**Collected data:**
╔══

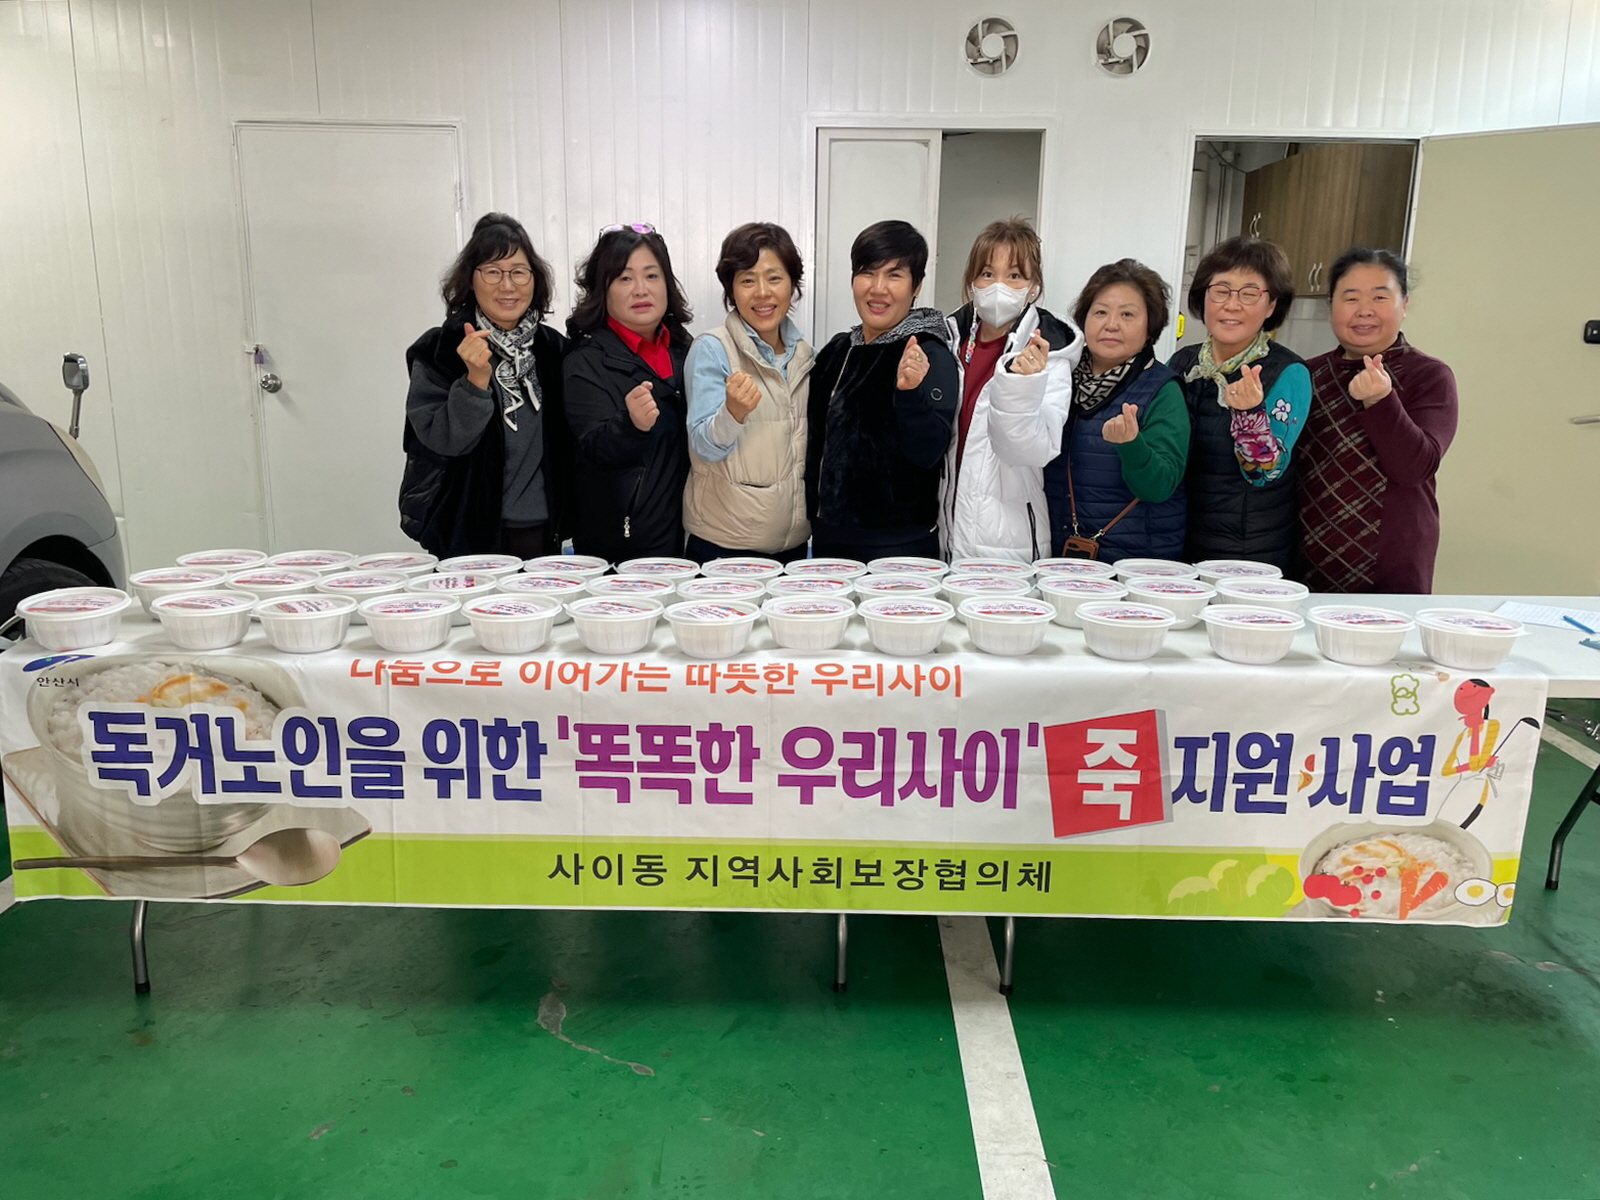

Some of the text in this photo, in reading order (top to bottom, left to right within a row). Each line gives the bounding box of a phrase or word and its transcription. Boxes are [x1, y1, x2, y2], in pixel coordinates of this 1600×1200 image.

[36, 676, 79, 687] 안산시
[350, 658, 963, 697] 나눔으로 이어가는 따뜻한 우리사이
[88, 711, 407, 799] 독거노인을
[422, 718, 548, 802] 위한
[777, 722, 1040, 810] 우리사이'
[1077, 729, 1141, 820] 죽
[1171, 732, 1294, 814] 지원
[1308, 734, 1436, 816] 사업
[548, 853, 1053, 893] 사이동 지역사회보장협의체
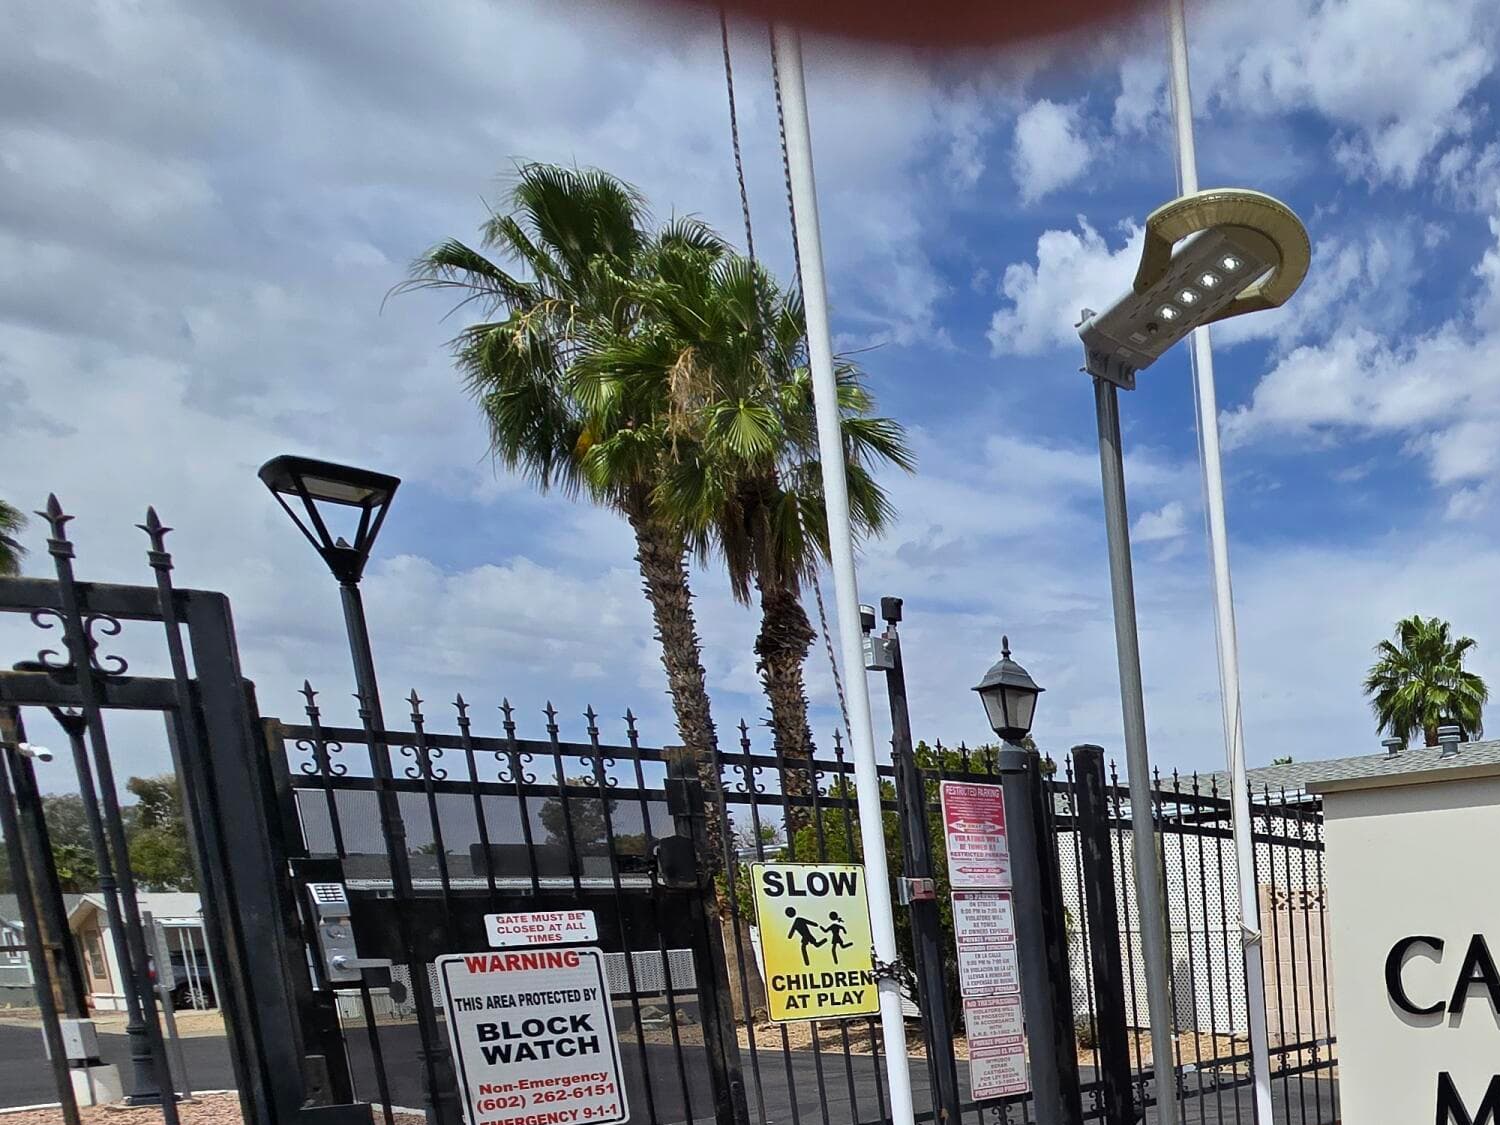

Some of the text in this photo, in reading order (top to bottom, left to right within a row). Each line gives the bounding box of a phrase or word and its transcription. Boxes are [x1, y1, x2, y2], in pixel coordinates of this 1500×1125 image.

╚══

**ABOUT THIS EXERCISE:** All of the entries above should be copied exactly, with the images left out.

**TASK RESULT:**
Some of the text in this photo, in reading order (top to bottom, left to right within a row). Each line gives the bounding box of a phrase or word and its transcription. Boxes are [x1, y1, x2, y2], in pixel coordinates of this 1600×1200 image.

[36, 676, 79, 687] 안산시
[350, 658, 963, 697] 나눔으로 이어가는 따뜻한 우리사이
[88, 711, 407, 799] 독거노인을
[422, 718, 548, 802] 위한
[777, 722, 1040, 810] 우리사이'
[1077, 729, 1141, 820] 죽
[1171, 732, 1294, 814] 지원
[1308, 734, 1436, 816] 사업
[548, 853, 1053, 893] 사이동 지역사회보장협의체

Some of the text in this photo, in reading order (top to bottom, left to right within a row). Each line gives the bounding box of a phrase or word and its transcription. Boxes are [x1, y1, x2, y2], in pixel coordinates of this 1500×1125 image.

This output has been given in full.